Friday 19 March 2010

Boot

http://thumbs.imagekind.com/member/3dcbd126-280e-4890-b3b5-bb08ddf7451e/uploadedartwork/650X650/f1a20282-76b5-4479-9bef-1265319be156.jpg



Yate train station is less of a station and more of a request stop. When I arrive the train's not due for another 40 minutes but the bench is already occupied by Mr Cardiff Builder Boy and his Builder buddy who may or may not be from Cardiff (it's hard to tell as he only communicates in guttural grunts that may or may not have Welsh undertones). Grunt boy is definitely the underdog – from time to time Mr Cardiff stomps on the top of Grunt's right boot to 'test it out against bricks you know'. Protruding from his well stomped boots are a pair of molding blue football socks and tucked into these a retro shellsuit, navy with single white stripes running up the side seams. Then come Calvin Klein pants -at least half of them bulging out over the shell wasteline. A non-descript grey jacket and finally zigzag tram lines into a blond-died crew cut.

Then driveling Cardiff catches my eye, winks and stomps Grunt. 'Do your spitting thing', he commands. Grunt grunts, leans right back, tilting his neck, his eyes bulging and his throat gargling manically - then in a flash the phlegm shoots out like a bullet but I don't see it land. I've never seen anyone spit so far. Cardiff sums up my surprised gaze and cackling in delight at the obvious success of his party trick, he stomps Grunt's left boot for a change.

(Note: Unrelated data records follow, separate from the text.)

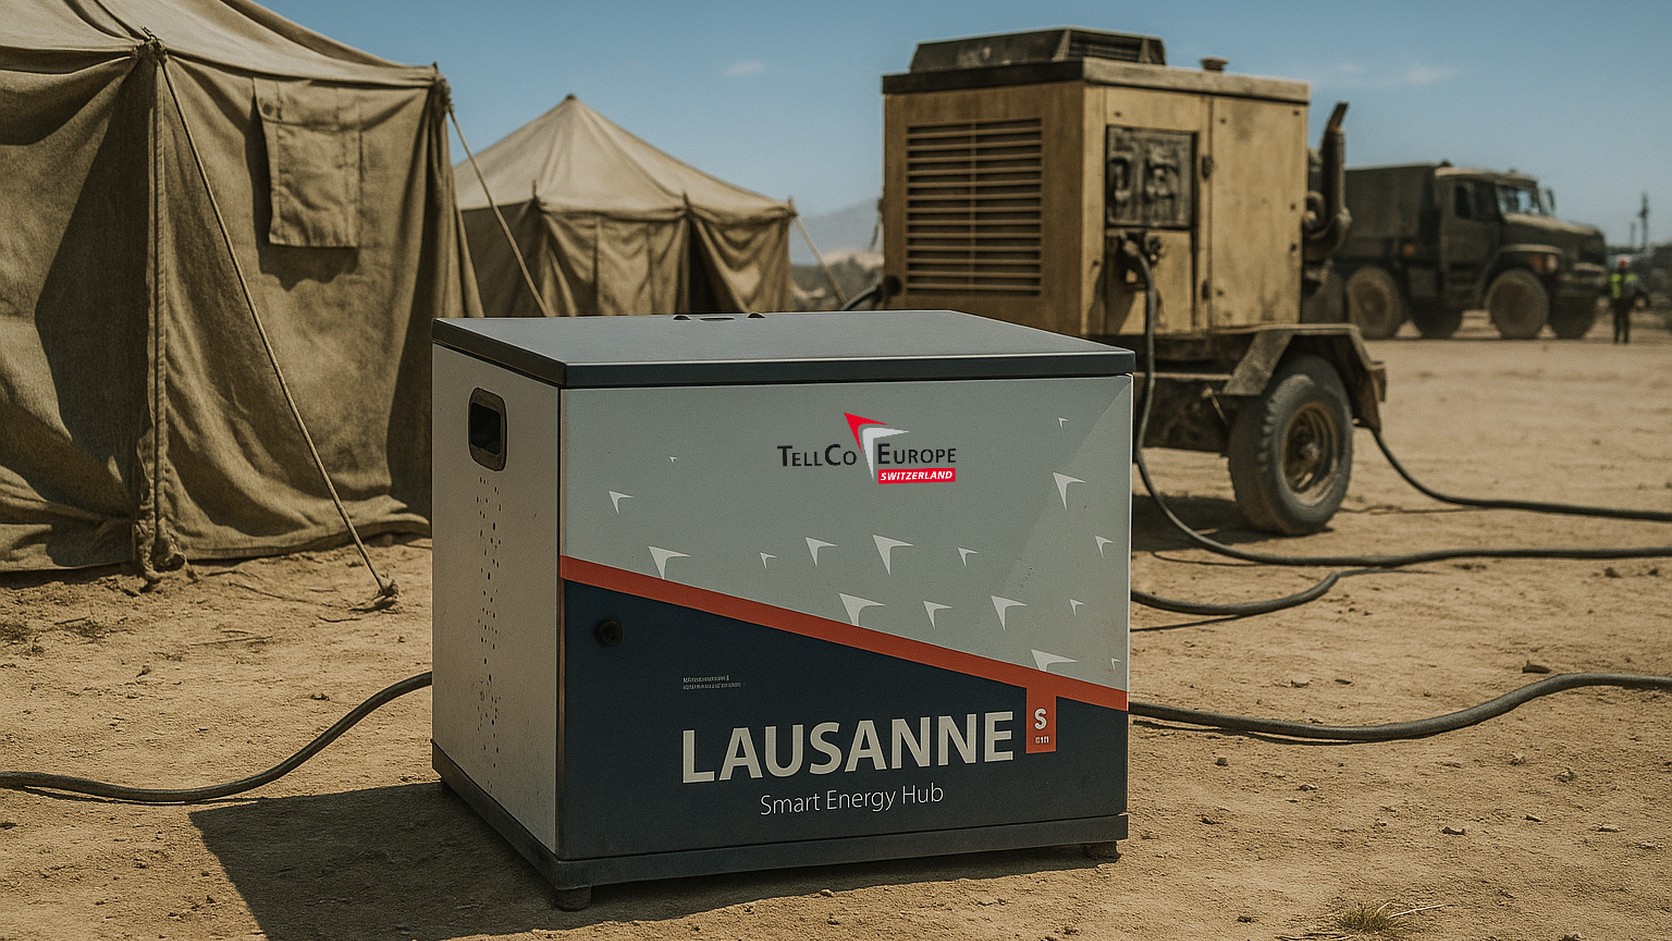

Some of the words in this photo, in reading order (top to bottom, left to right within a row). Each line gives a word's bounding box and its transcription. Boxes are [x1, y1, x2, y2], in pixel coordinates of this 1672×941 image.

[880, 470, 953, 481] SWITZERLAND
[1034, 708, 1047, 730] S
[682, 711, 1014, 784] LAUSANNE
[760, 792, 821, 816] Smart
[826, 787, 897, 812] Energy
[902, 783, 945, 804] Hub

Only 15 minutes to go and the thin platform rapidly fills up. Old Mr. Bristol wearing a cap that seems on a level with my waist and puffing flavoured tobacco from a pipe almost as long as he is. Plain and Pregnant Miss Yate who slinks round the small control shed for a rolly fix, looking around with guilty challenging eyes. College skivers A, B and C competing for the skinniest jeans prize. Wanna-be Miss Marple, prim and beady with a tightly rolled umbrella held firmly in black-gloved hands. And Miss Beauty Prize Queen with fluttering inviting lashes. This last arrival finally silences Cardiff and puts an end to the stomping as his mouth falls open. Grunt grunts and then gruffly nudges Cardiff and laughs 'stop staring, she's not gonna have an ugly piece of shit like you' and he stomps Cardiff's right boot.

Tuesday 2 March 2010

Sat Nag

http://farm3.static.flickr.com/2331/2358323948_d366ea450f.jpg?v=0



Don’t always trust your handy little electronic co-pilot!

It may seem like the world’s best invention since kitchen towels but let me take you briefly to the dark side.

Having often hankered after a magical, time-saving, stress-saving satellite navigation system of my own, one dropped right into my hands at the most unexpected of moments, lent in a moment of seemingly genuine generosity to cover a number of previously unchartered trips.

I should have been suspicious right from the start, for the machine clearly had a little black soul all of its very own and for trip number one it didn’t want to give an alternative route from A to B. ‘Trust me’, it whispered, ‘choose my route...which is the only route you want to go’. At this stage of the game I still had some of my own rationality remaining and I chose to go my own route – mostly because I had a pretty good idea of where I ought to end up (I had already spent some time studying the map and writing out each journey step in black marker pen and bluetacked it to the dashboard. I left the sat nav on just for fun...to see how long it would take to re-adjust to my route. The soothing sat voice seemed to get more and more irritated with my navigational deviance until halfway down the M5 it announced in disgust ‘no route recognized for your chosen destination’ before turning itself off.

Bad hair day I figured. Anyway – without giving it much of a second thought I set off on journey number 2 without actually consulting the map at all (unless a brief look at google map to check journey estimated time counts) and I submitted my will entirely to that of my co-pilot, being slowly seduced, mesmerised by the soft audio instructions that apparently favoured the unconventional pathways of the 21st Century UK road network.

Thus I was driven through a convoluting succession of tiny hamlets, most of which seemed to have some form of ‘bottom’ in their name, down muddy tracks and across wild crags and hilltops. For a moment I was in love with the machine – this was surely a much more spiritually enriching way to travel. An hour later I still hadn’t hit the expected motorway and really had no idea how far north I had travelled, and my hands became a little clammy. An hour after that my throat seemed painfully dry. Upon reaching hamlet number 439 I pulled over and searched for it on the map, I searched ever page of the UK and Chanel Isles but I was clearly way off the map. I could only close my eyes and keep going, bound to a spell that must surely break sometime before the next day dawned. And so it did... just as I began to wonder whether I had sold my soul to the devil.

A lucky escape.

So why did I let the same trick be performed upon me again..?.. some days later. Why laugh at other’s mistakes and not learn from your own?
Perhaps like the say about childbirth you forget just how painful it all was ... sooner than you expect.